Very extensive studies have been made of activity in the different components of the fronto-parietal network, using the rate of oxidative glucose metabolism (CMRglc(ox)) as a measure of the activity, based on the very close quantitative relationship between synaptic and action potential firing in a cortical area of interest and CMRglc(ox) in that area [31]. Decreases in CMRglc(ox) have been noted in the fronto-parietal network of patients with schizophrenia compared with controls (see, for example, [32]. The present work seeks to determine whether the observed changes in functioning of the fronto-parietal network, measured with CMRglc(ox), can be explained in terms of the changes in integrity of the longitudinal fascicules subserving the network.

Methods

We use two different theoretical models in order to investigate the effects of changing synaptic connectiveness in the cortical model (Figure 1).
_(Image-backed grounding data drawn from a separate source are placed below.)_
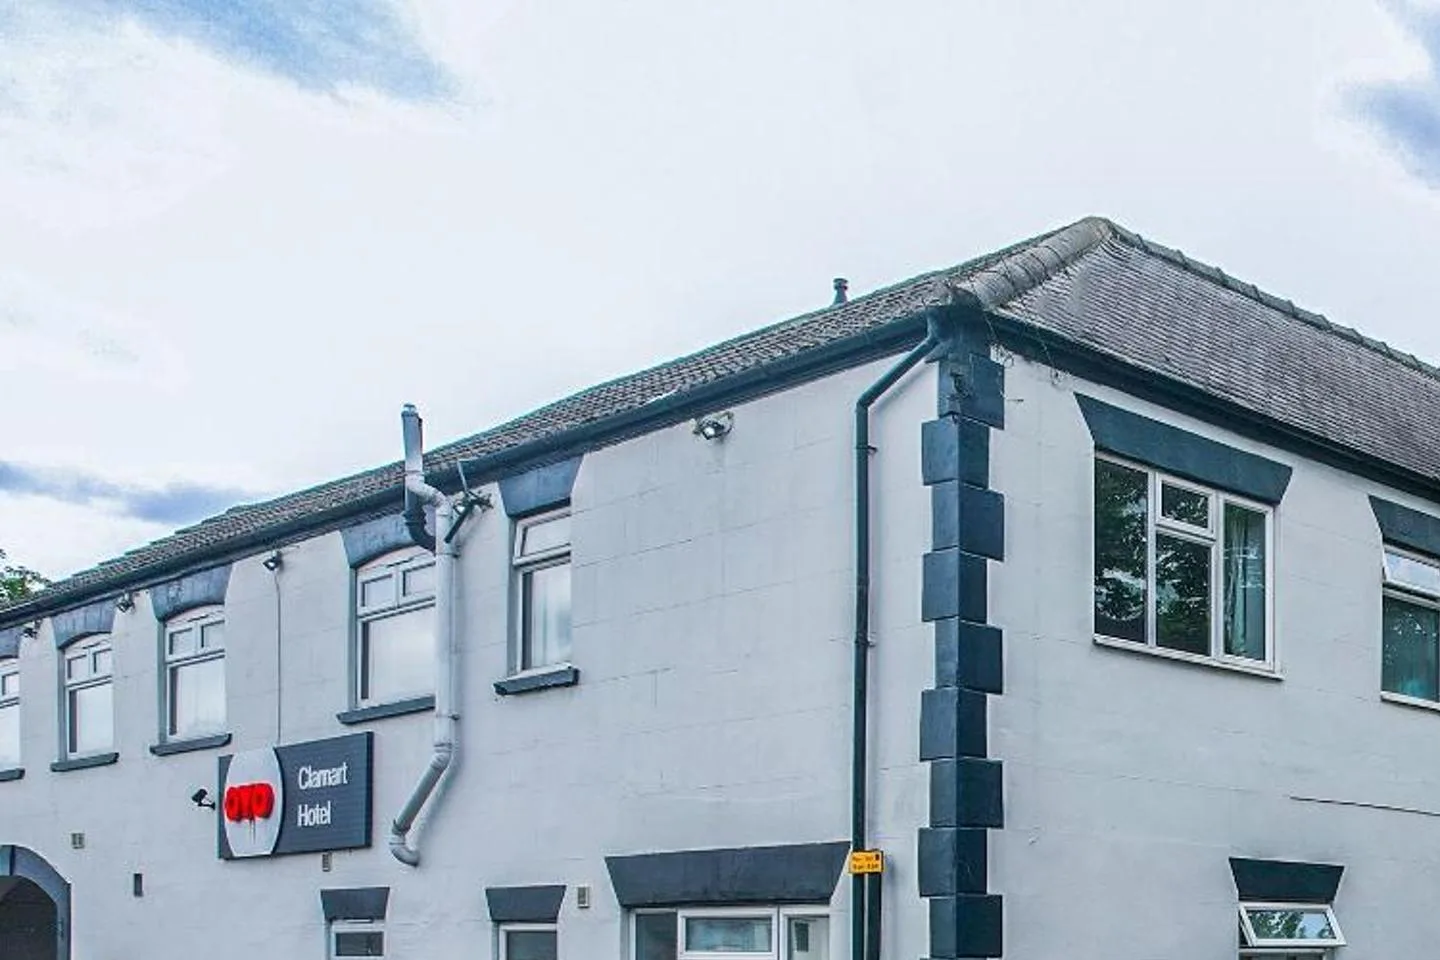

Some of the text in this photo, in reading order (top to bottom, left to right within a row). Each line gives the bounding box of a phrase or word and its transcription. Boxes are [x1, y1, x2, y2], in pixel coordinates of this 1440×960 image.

[298, 762, 348, 790] Clamart
[225, 783, 275, 822] OYO
[297, 800, 331, 827] Hotel
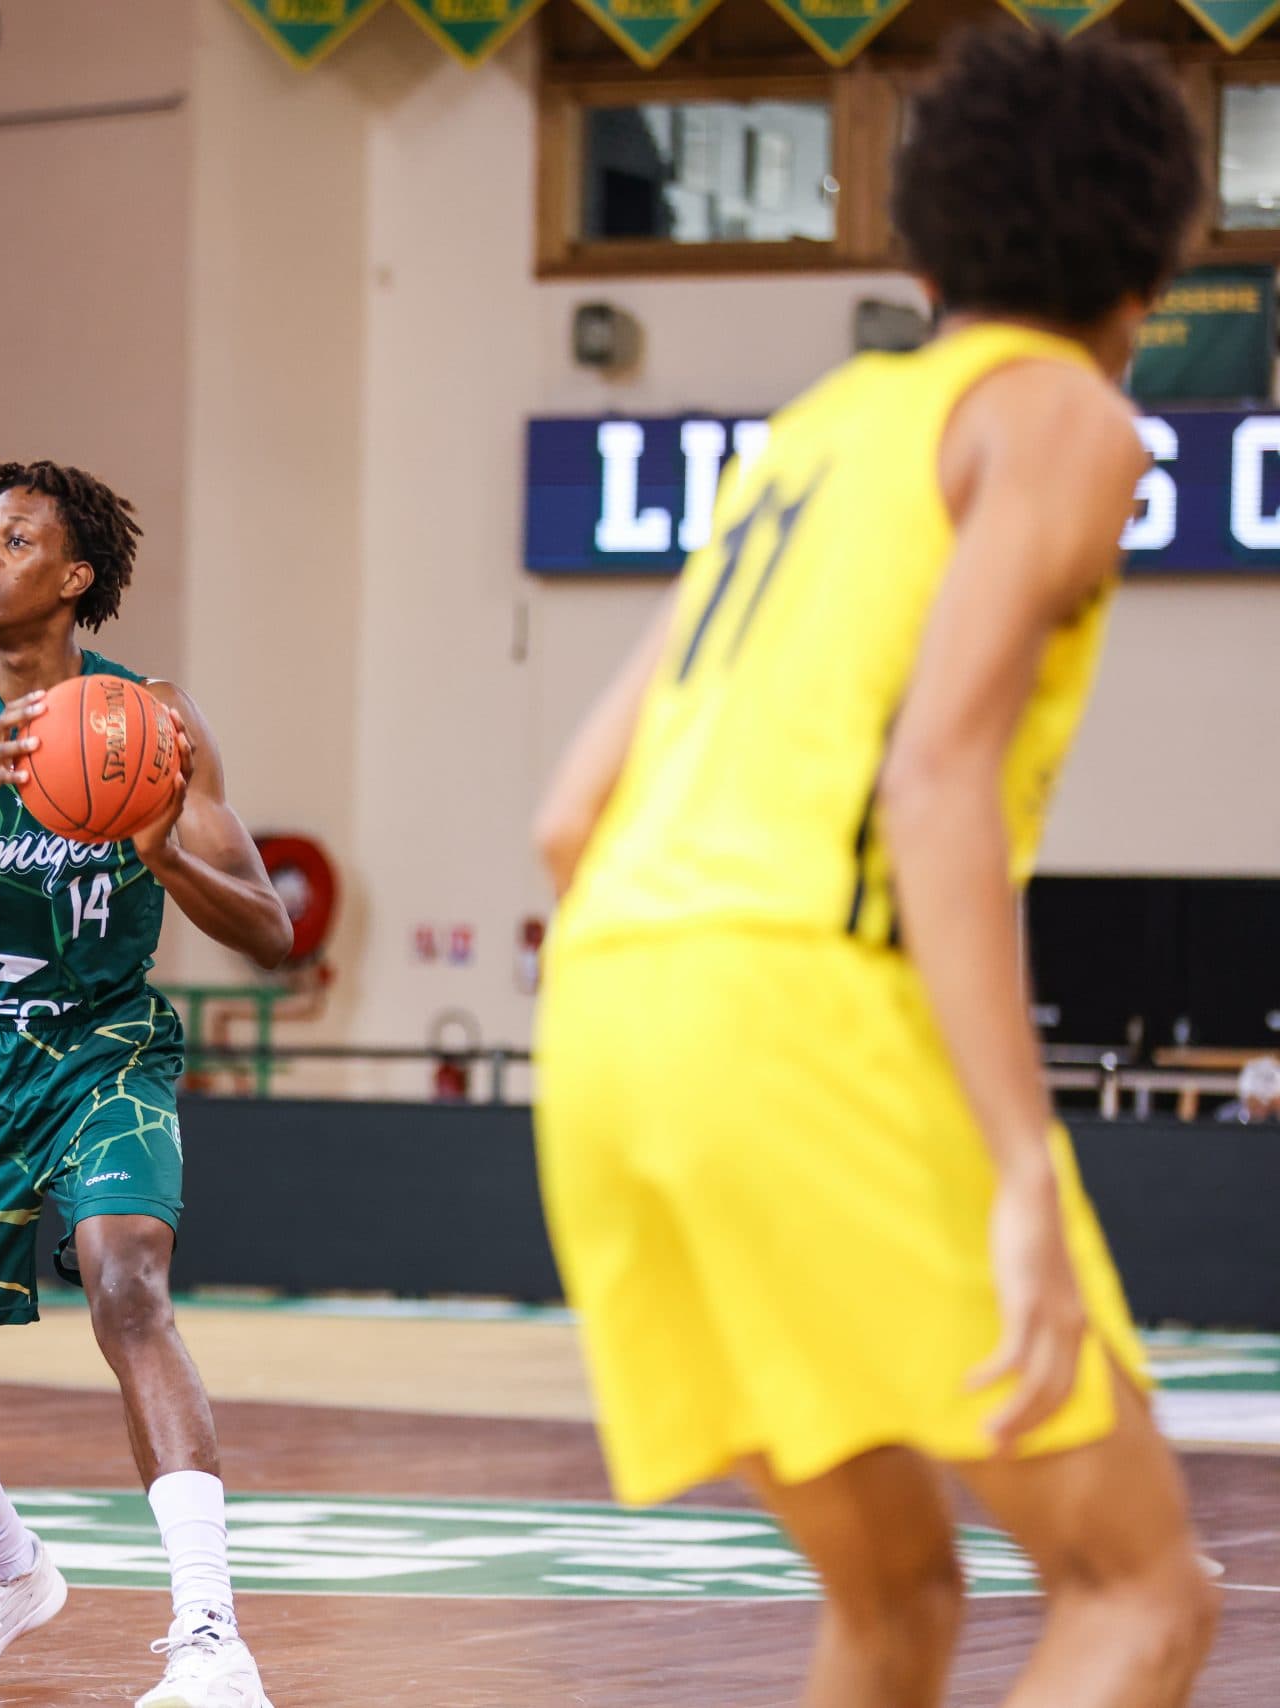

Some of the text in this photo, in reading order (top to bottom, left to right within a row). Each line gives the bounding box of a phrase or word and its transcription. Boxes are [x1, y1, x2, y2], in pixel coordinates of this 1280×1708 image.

[677, 455, 833, 685] 11
[101, 681, 126, 784] SPALDING
[67, 872, 113, 940] 14
[86, 1173, 120, 1186] CRAFT
The first (Model 1) is a simple firing-rate model; however, in many cases it can provide an adequate description of network activity (see comments and references to earlier work in [33]. The second (Model 2) uses integrate-and-fire neurons; these have been extensively employed in theoretical investigations of network behaviour [34]. The principal reason for using two models was to provide some evidence that the main theoretical results reported here are not dependent on the particular neural network model employed. The models are rather different and it is not the purpose of the present research to do a detailed comparison of them, but rather to show that they give similar results in the context of the present investigation. Specifically, the models are used to compute the decrease in neuronal activity as the coupling between subsets of interconnected neurons is decreased.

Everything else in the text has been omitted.